─── INPUT DATA
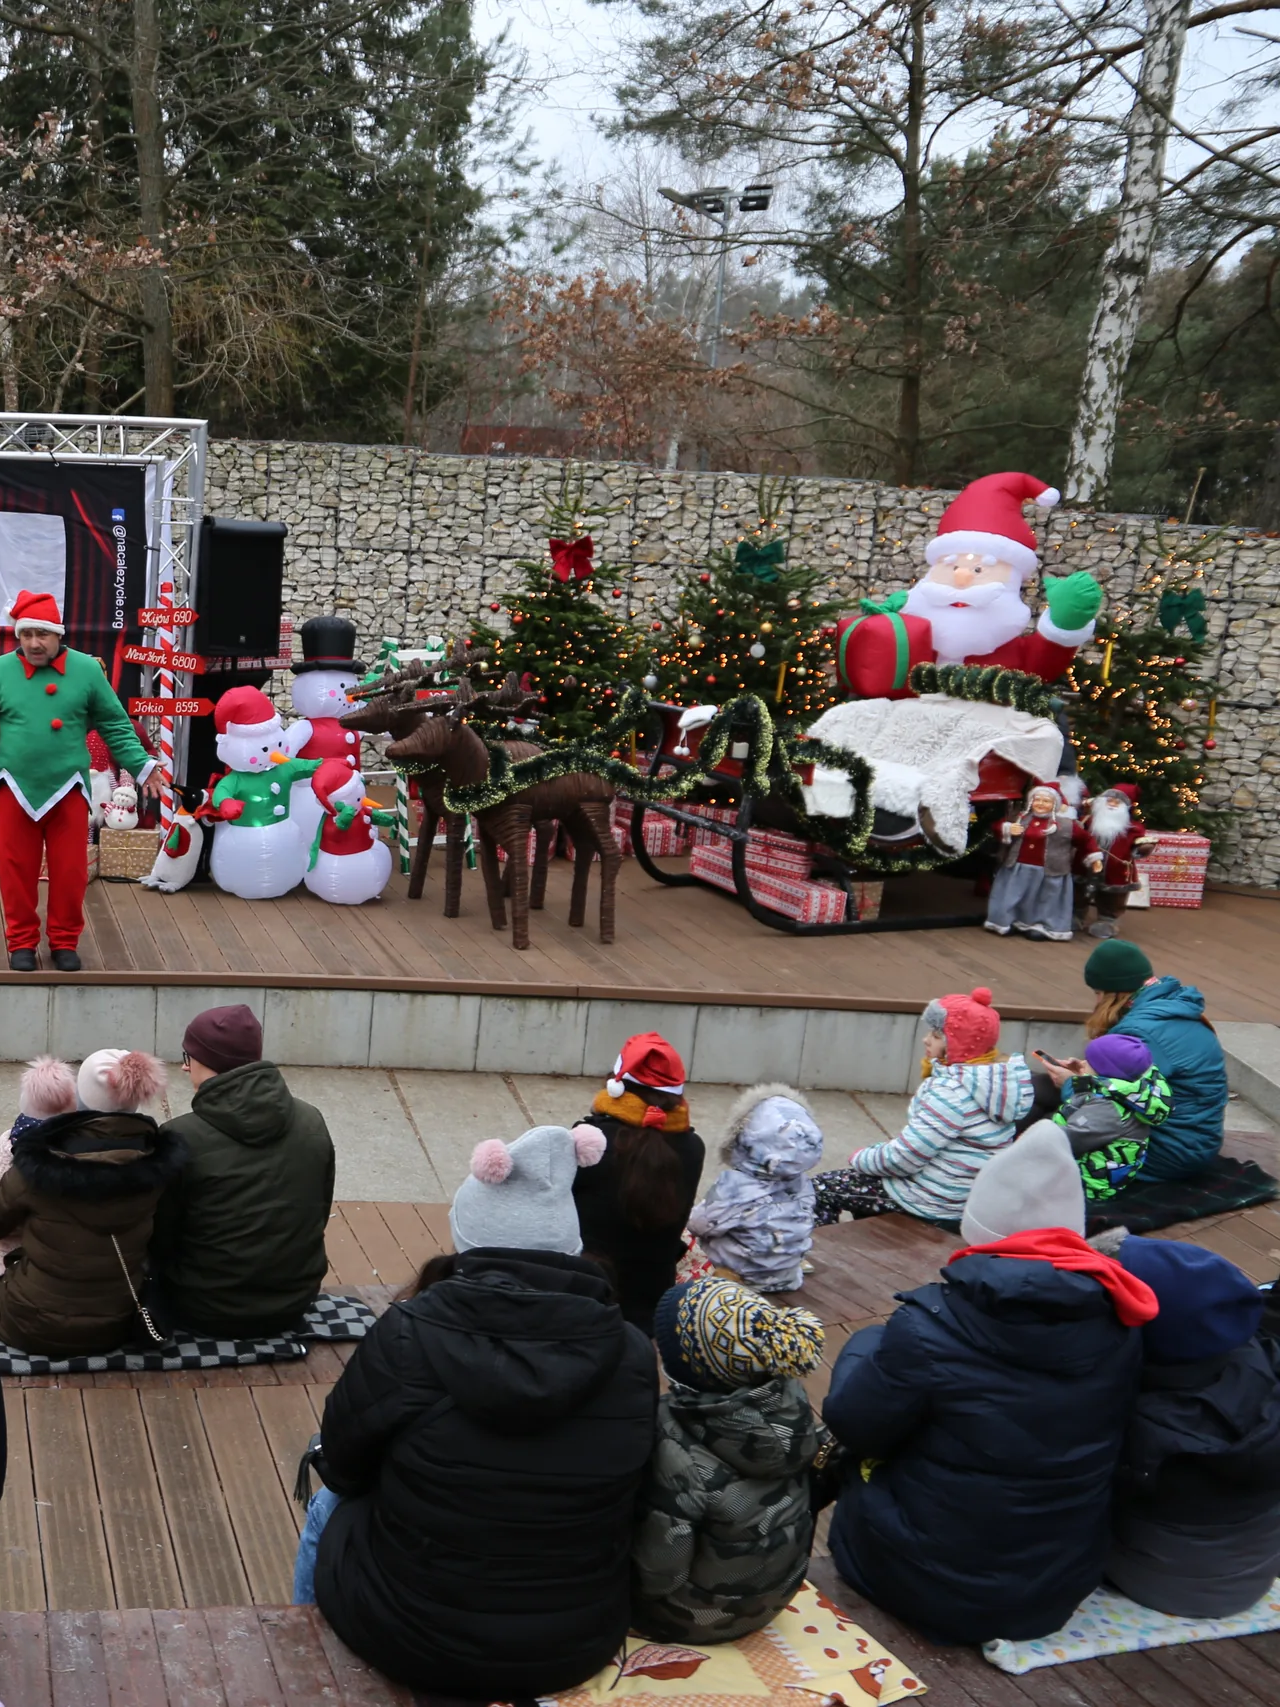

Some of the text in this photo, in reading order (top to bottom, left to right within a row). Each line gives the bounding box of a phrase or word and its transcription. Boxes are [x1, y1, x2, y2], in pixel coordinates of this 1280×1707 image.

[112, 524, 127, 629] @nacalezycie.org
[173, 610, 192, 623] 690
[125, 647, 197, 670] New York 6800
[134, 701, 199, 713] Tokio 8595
──────
WHAT YOU SHOULD DO
From the first line to the last, repeat the records exactly. Leave out the pictures.

ANSWER TO THE PROBLEM
Some of the text in this photo, in reading order (top to bottom, left to right within a row). Each line gives the bounding box of a phrase or word and its transcription. Boxes are [x1, y1, x2, y2], in pixel coordinates of this 1280×1707 image.

[112, 524, 127, 629] @nacalezycie.org
[173, 610, 192, 623] 690
[125, 647, 197, 670] New York 6800
[134, 701, 199, 713] Tokio 8595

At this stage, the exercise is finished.